- [WORK REQUEST]: Every entry below must be retyped exactly, and the pictures must be left out.
[INPUT FOR THIS TASK — start]
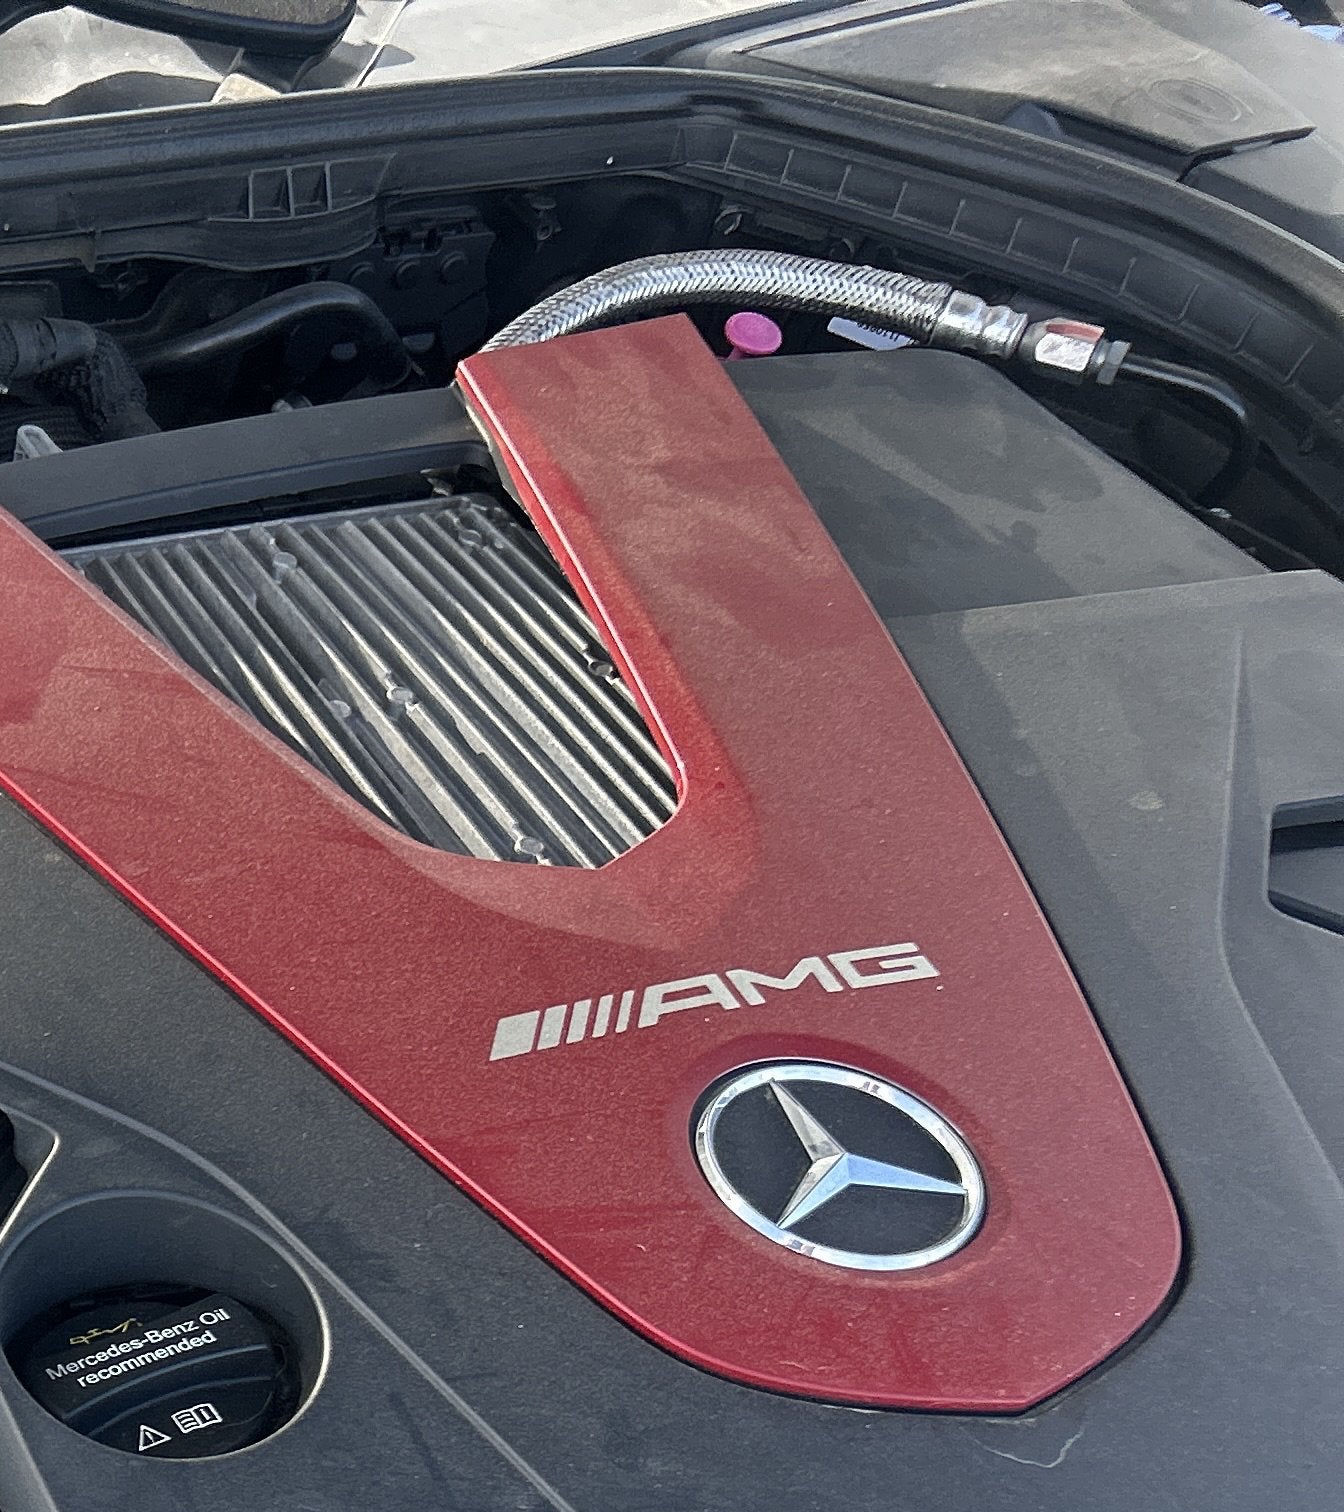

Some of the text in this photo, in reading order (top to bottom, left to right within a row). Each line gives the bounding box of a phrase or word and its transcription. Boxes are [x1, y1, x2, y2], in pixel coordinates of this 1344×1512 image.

[638, 942, 940, 1028] AMG
[45, 1308, 231, 1381] Mercedes-Benz Oil
[77, 1330, 218, 1388] recommended
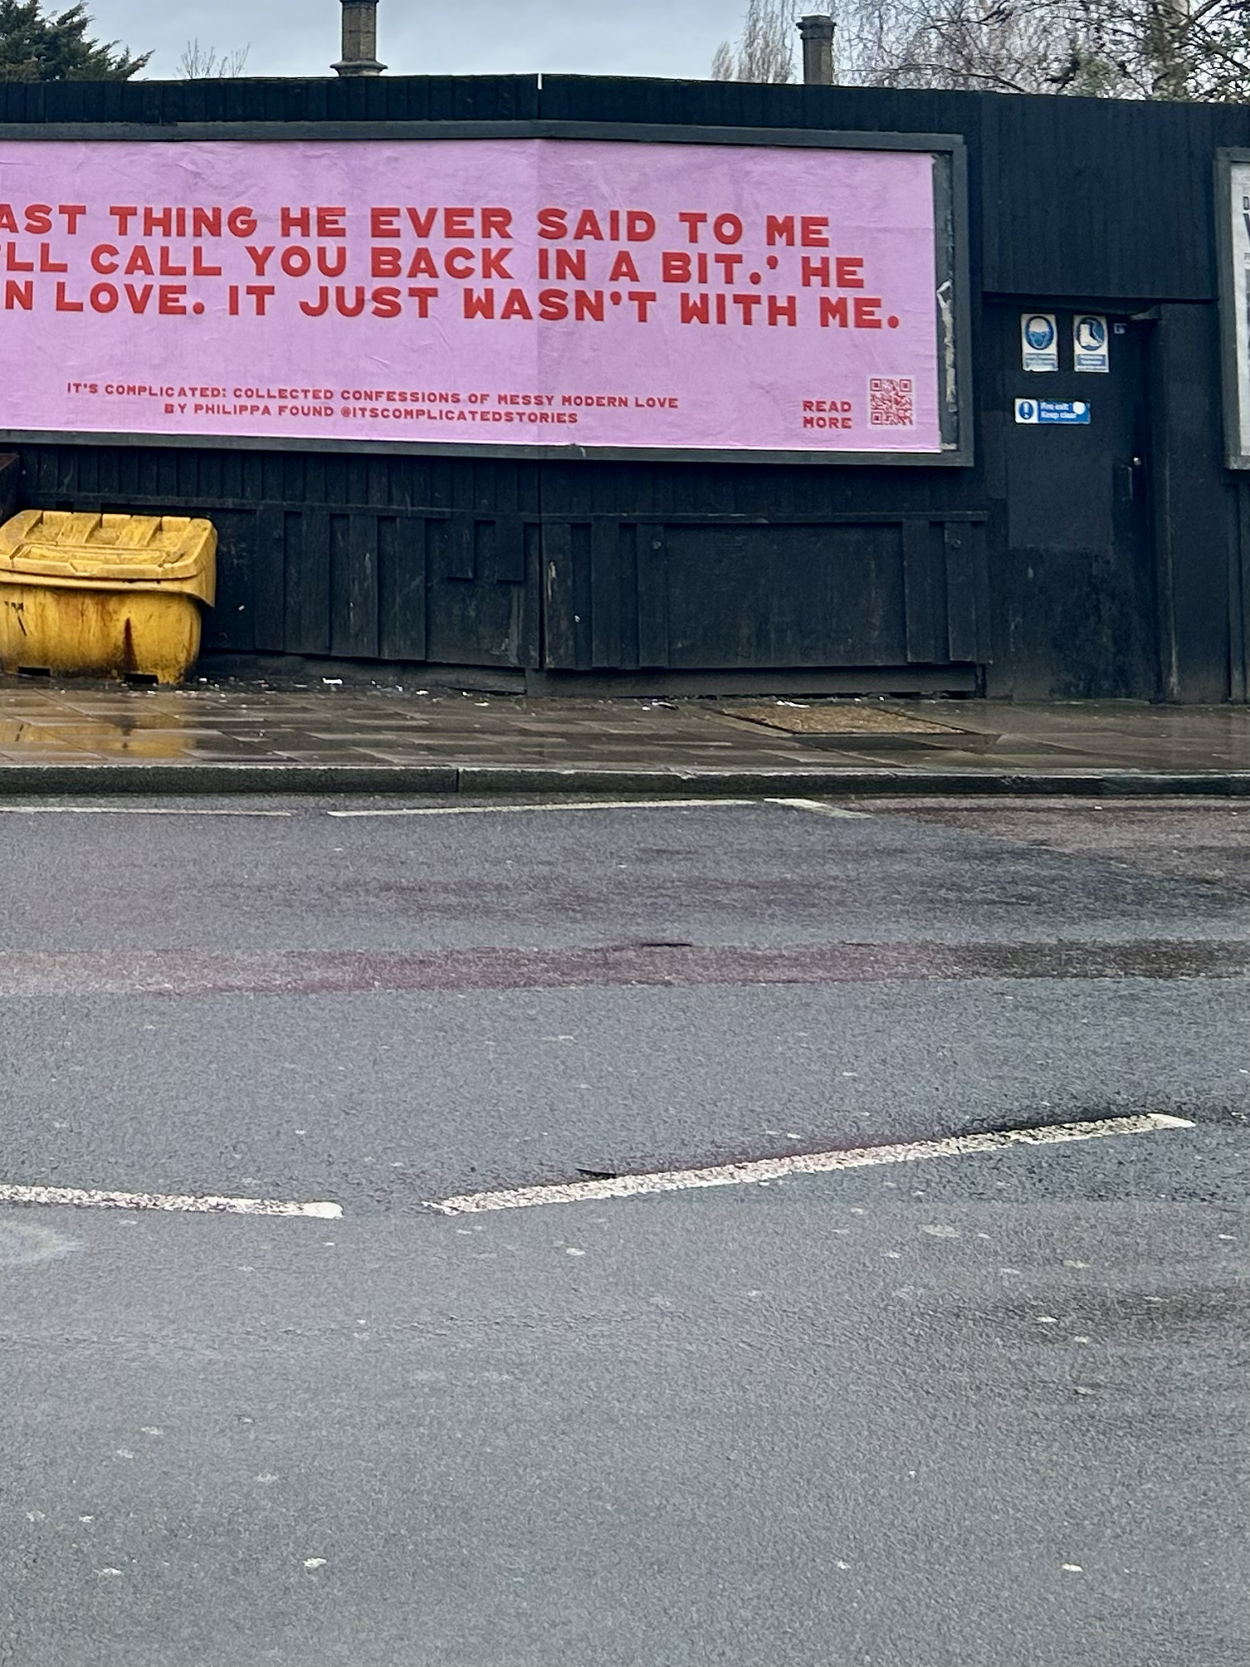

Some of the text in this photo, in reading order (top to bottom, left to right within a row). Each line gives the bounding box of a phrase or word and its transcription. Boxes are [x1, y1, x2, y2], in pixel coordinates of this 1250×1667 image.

[109, 205, 257, 238] THING
[280, 206, 347, 237] HE
[370, 206, 513, 239] EVER
[537, 207, 656, 242] SAID
[678, 211, 743, 245] TO
[766, 214, 829, 247] ME
[90, 243, 222, 277] CALL
[246, 244, 347, 278] YOU
[370, 246, 513, 279] BACK
[538, 247, 586, 280] IN
[609, 250, 639, 282] A
[661, 251, 778, 285] BIT.'
[801, 255, 864, 289] HE
[55, 280, 205, 315] LOVE.
[228, 284, 275, 316] IT
[299, 285, 438, 318] JUST
[463, 287, 657, 323] WASN'T
[680, 291, 797, 327] WITH
[819, 296, 899, 329] ME.
[66, 382, 680, 409] IT'S COMPLICATED: COLLECTED CONFESSIONS OF MESSY MODERN LOVE
[802, 399, 851, 412] READ
[163, 401, 579, 424] BY PHILIPPA FOUND @ITSCOMPLICATEDSTORIES
[803, 416, 850, 428] MORE
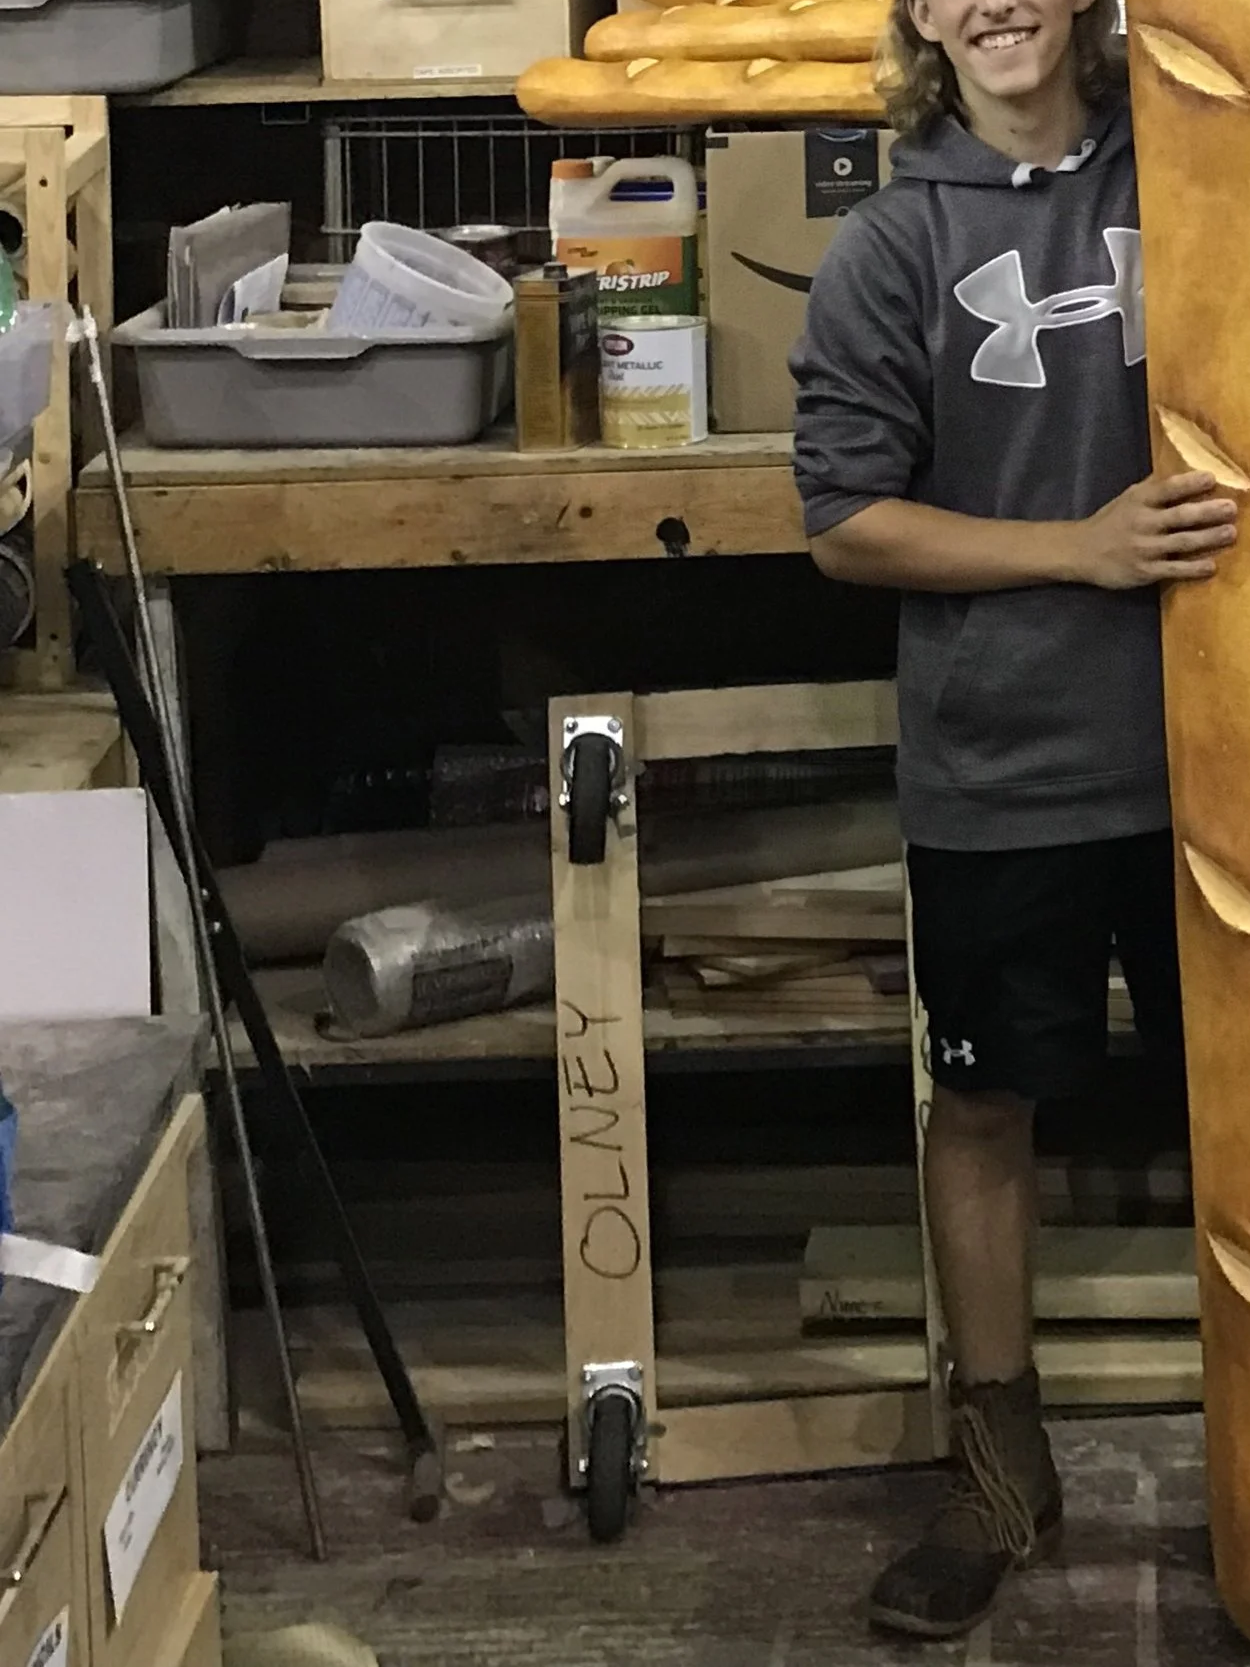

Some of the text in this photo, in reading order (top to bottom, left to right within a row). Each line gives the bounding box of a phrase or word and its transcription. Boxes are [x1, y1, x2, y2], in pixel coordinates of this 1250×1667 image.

[596, 271, 671, 292] RISTRIP
[640, 305, 663, 315] GEL
[617, 361, 664, 370] METALLIC
[560, 999, 641, 1280] OLNEY
[INPUT FOR THIS TASK — finish]
- [ANSWER FOR THE TASK]:
Some of the text in this photo, in reading order (top to bottom, left to right within a row). Each line gives the bounding box of a phrase or word and its transcription. Boxes are [x1, y1, x2, y2], in pixel coordinates of this 1344×1512 image.

[638, 942, 940, 1028] AMG
[45, 1308, 231, 1381] Mercedes-Benz Oil
[77, 1330, 218, 1388] recommended

Some of the text in this photo, in reading order (top to bottom, left to right within a row). Each line gives the bounding box of a phrase or word and its transcription. Boxes are [x1, y1, x2, y2], in pixel coordinates of this 1250×1667 image.

[109, 205, 257, 238] THING
[280, 206, 347, 237] HE
[370, 206, 513, 239] EVER
[537, 207, 656, 242] SAID
[678, 211, 743, 245] TO
[766, 214, 829, 247] ME
[90, 243, 222, 277] CALL
[246, 244, 347, 278] YOU
[370, 246, 513, 279] BACK
[538, 247, 586, 280] IN
[609, 250, 639, 282] A
[661, 251, 778, 285] BIT.'
[801, 255, 864, 289] HE
[55, 280, 205, 315] LOVE.
[228, 284, 275, 316] IT
[299, 285, 438, 318] JUST
[463, 287, 657, 323] WASN'T
[680, 291, 797, 327] WITH
[819, 296, 899, 329] ME.
[66, 382, 680, 409] IT'S COMPLICATED: COLLECTED CONFESSIONS OF MESSY MODERN LOVE
[802, 399, 851, 412] READ
[163, 401, 579, 424] BY PHILIPPA FOUND @ITSCOMPLICATEDSTORIES
[803, 416, 850, 428] MORE

Some of the text in this photo, in reading order (top to bottom, left to right within a row). Each line gives the bounding box of a phrase or word and its transcription. Boxes are [x1, y1, x2, y2], in pixel coordinates of this 1250×1667 image.

[596, 271, 671, 292] RISTRIP
[640, 305, 663, 315] GEL
[617, 361, 664, 370] METALLIC
[560, 999, 641, 1280] OLNEY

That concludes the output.